[Annotated photo localization data]
[Start of section]

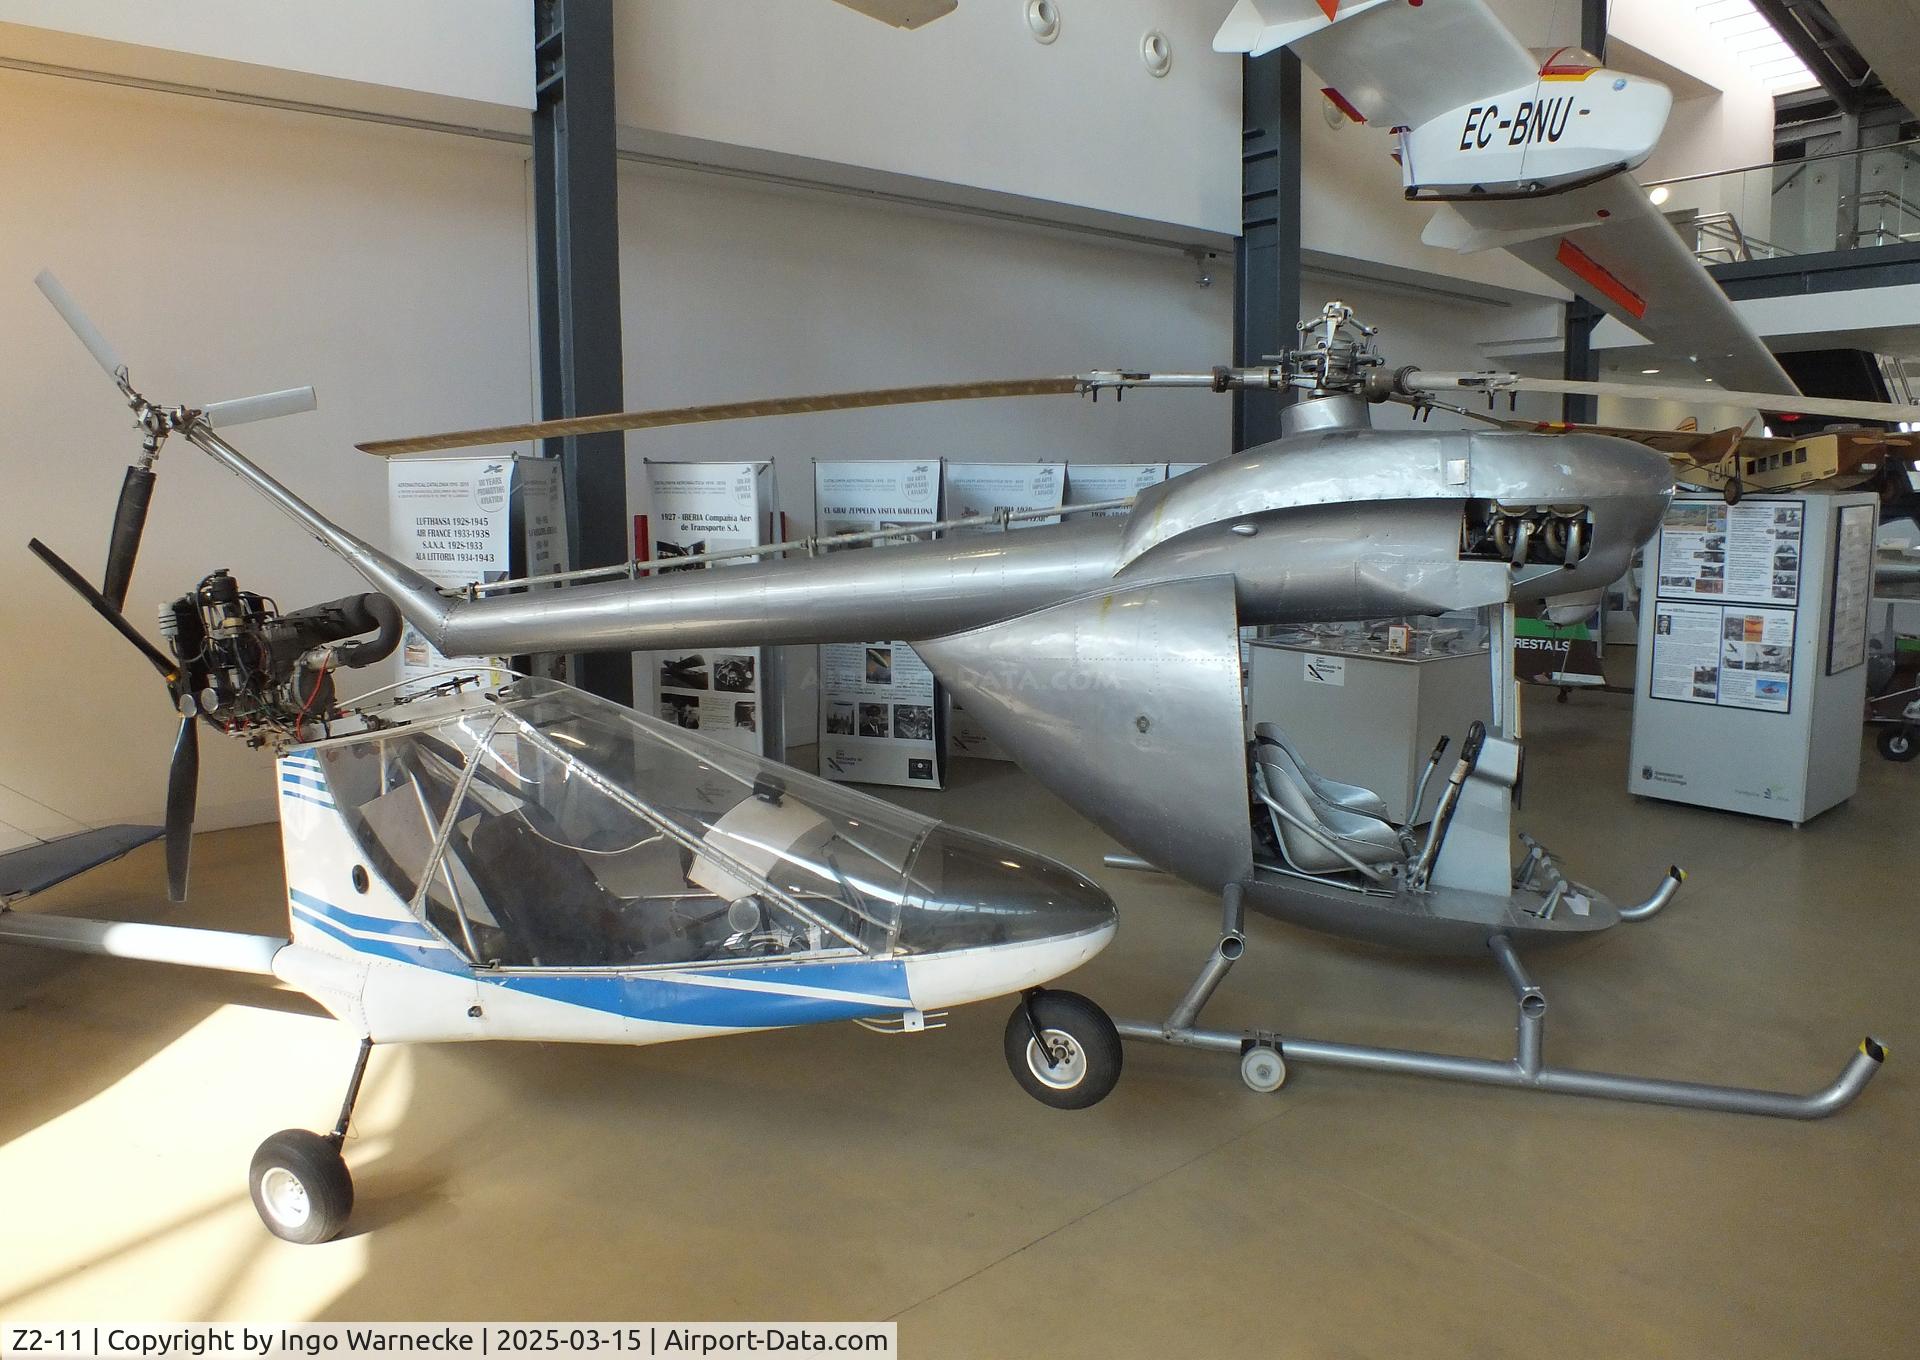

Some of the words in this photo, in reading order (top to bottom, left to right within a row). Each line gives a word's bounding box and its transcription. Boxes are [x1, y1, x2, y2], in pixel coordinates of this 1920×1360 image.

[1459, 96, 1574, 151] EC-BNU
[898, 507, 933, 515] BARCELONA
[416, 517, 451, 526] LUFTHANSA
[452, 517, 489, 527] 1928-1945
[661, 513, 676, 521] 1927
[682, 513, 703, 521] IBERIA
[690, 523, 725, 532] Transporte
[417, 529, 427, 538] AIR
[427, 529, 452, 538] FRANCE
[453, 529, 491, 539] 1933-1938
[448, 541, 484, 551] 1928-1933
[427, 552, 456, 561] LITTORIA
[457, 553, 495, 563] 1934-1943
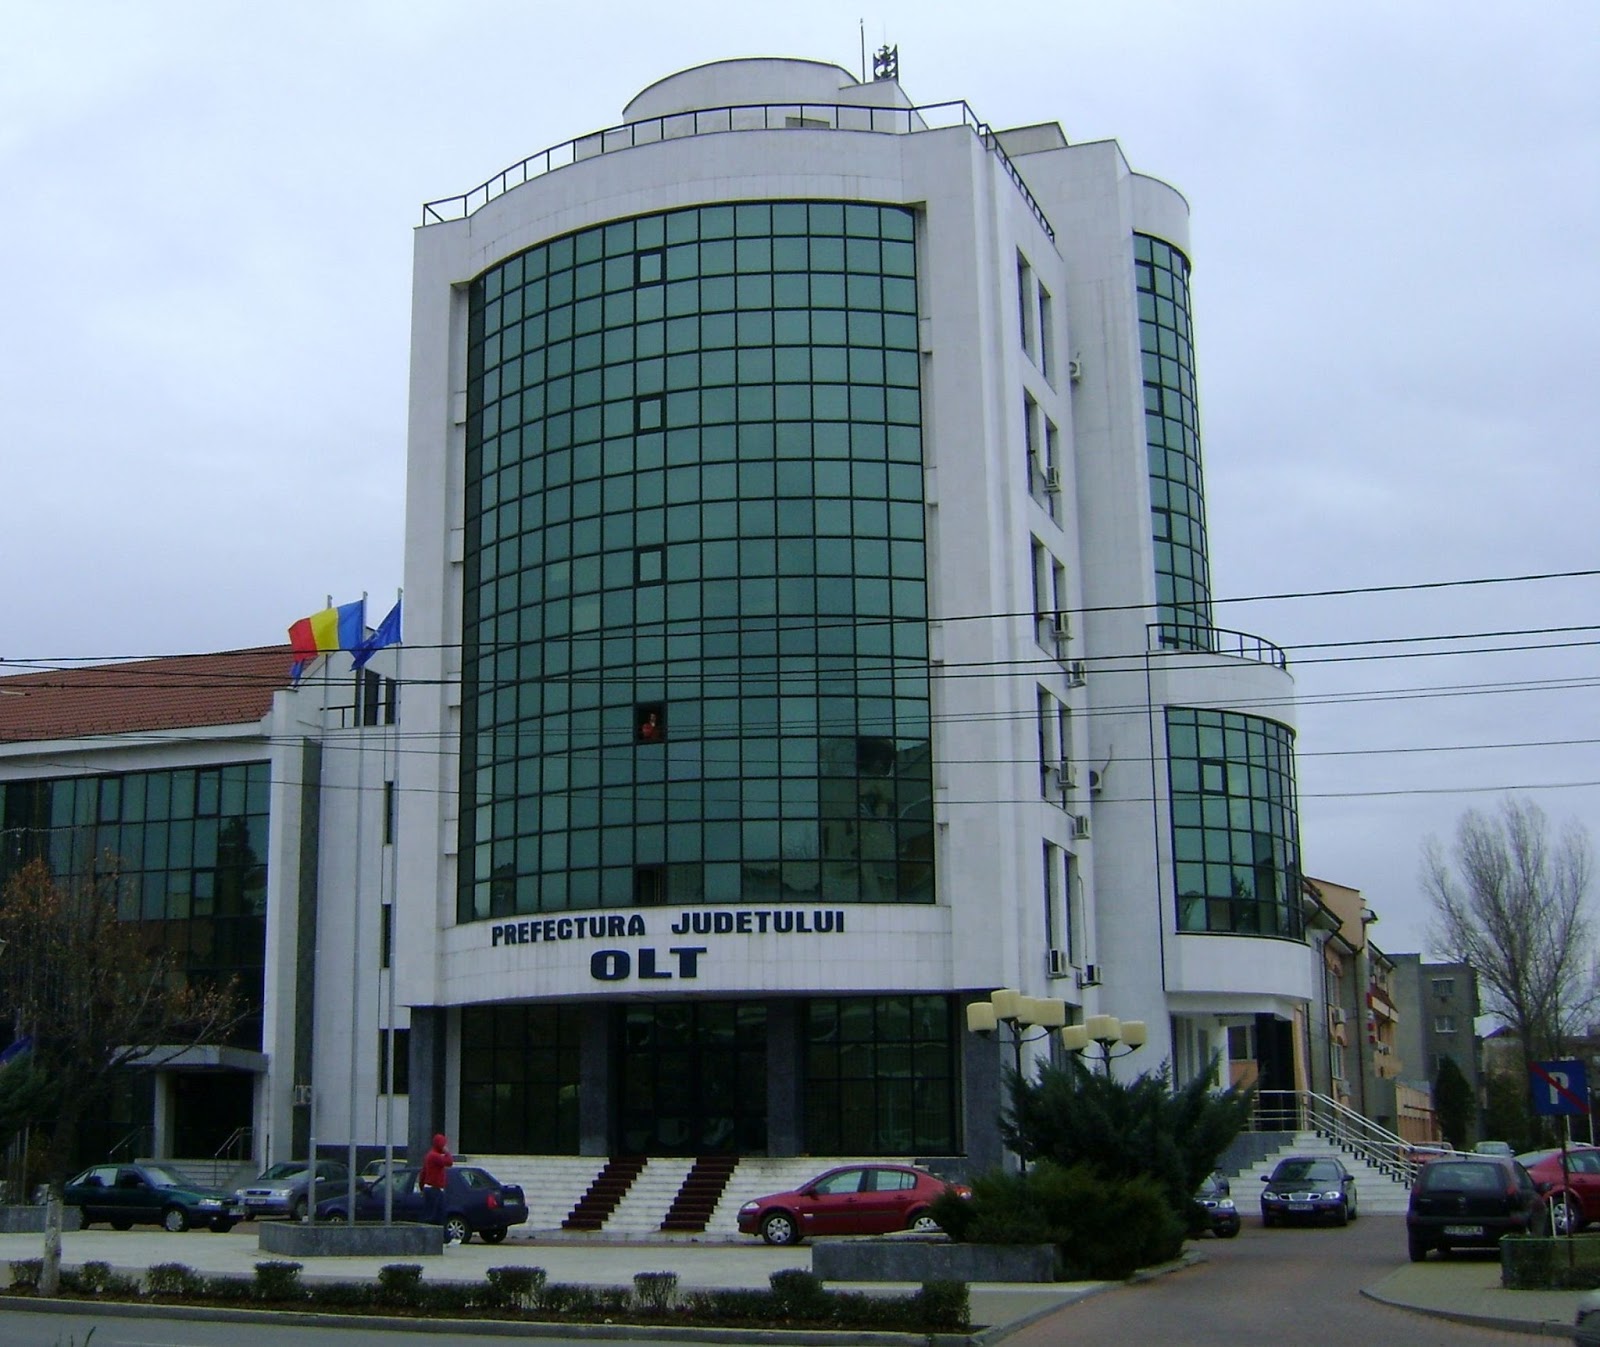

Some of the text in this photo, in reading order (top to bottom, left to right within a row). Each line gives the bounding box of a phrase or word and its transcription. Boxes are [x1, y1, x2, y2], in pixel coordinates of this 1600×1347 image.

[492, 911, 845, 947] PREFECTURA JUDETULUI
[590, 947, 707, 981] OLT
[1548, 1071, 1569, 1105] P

[End of section]

**Task to carry out**
What you return should match the records line for line, minus the pictures.

**Your solution**
Some of the words in this photo, in reading order (top to bottom, left to right within a row). Each line gives a word's bounding box and its transcription. Boxes are [x1, y1, x2, y2], in pixel coordinates of this 1920×1360 image.

[1459, 96, 1574, 151] EC-BNU
[898, 507, 933, 515] BARCELONA
[416, 517, 451, 526] LUFTHANSA
[452, 517, 489, 527] 1928-1945
[661, 513, 676, 521] 1927
[682, 513, 703, 521] IBERIA
[690, 523, 725, 532] Transporte
[417, 529, 427, 538] AIR
[427, 529, 452, 538] FRANCE
[453, 529, 491, 539] 1933-1938
[448, 541, 484, 551] 1928-1933
[427, 552, 456, 561] LITTORIA
[457, 553, 495, 563] 1934-1943

Some of the text in this photo, in reading order (top to bottom, left to right within a row). Each line gives the bounding box of a phrase or word and its transcription. Boxes are [x1, y1, x2, y2], in pixel coordinates of this 1600×1347 image.

[492, 911, 845, 947] PREFECTURA JUDETULUI
[590, 947, 707, 981] OLT
[1548, 1071, 1569, 1105] P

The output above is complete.